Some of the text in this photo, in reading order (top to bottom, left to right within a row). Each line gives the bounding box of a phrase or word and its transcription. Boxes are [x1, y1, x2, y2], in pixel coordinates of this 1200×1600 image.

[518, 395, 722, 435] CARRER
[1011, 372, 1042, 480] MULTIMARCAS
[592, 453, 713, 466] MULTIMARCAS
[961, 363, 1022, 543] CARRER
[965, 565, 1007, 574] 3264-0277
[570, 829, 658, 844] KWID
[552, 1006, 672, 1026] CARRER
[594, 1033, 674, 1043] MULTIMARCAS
###
### Task objective
A faithful, word-for-word transcript of the material above is the required answer.

### Answer for this exercise
Some of the text in this photo, in reading order (top to bottom, left to right within a row). Each line gives the bounding box of a phrase or word and its transcription. Boxes are [x1, y1, x2, y2], in pixel coordinates of this 1200×1600 image.

[518, 395, 722, 435] CARRER
[1011, 372, 1042, 480] MULTIMARCAS
[592, 453, 713, 466] MULTIMARCAS
[961, 363, 1022, 543] CARRER
[965, 565, 1007, 574] 3264-0277
[570, 829, 658, 844] KWID
[552, 1006, 672, 1026] CARRER
[594, 1033, 674, 1043] MULTIMARCAS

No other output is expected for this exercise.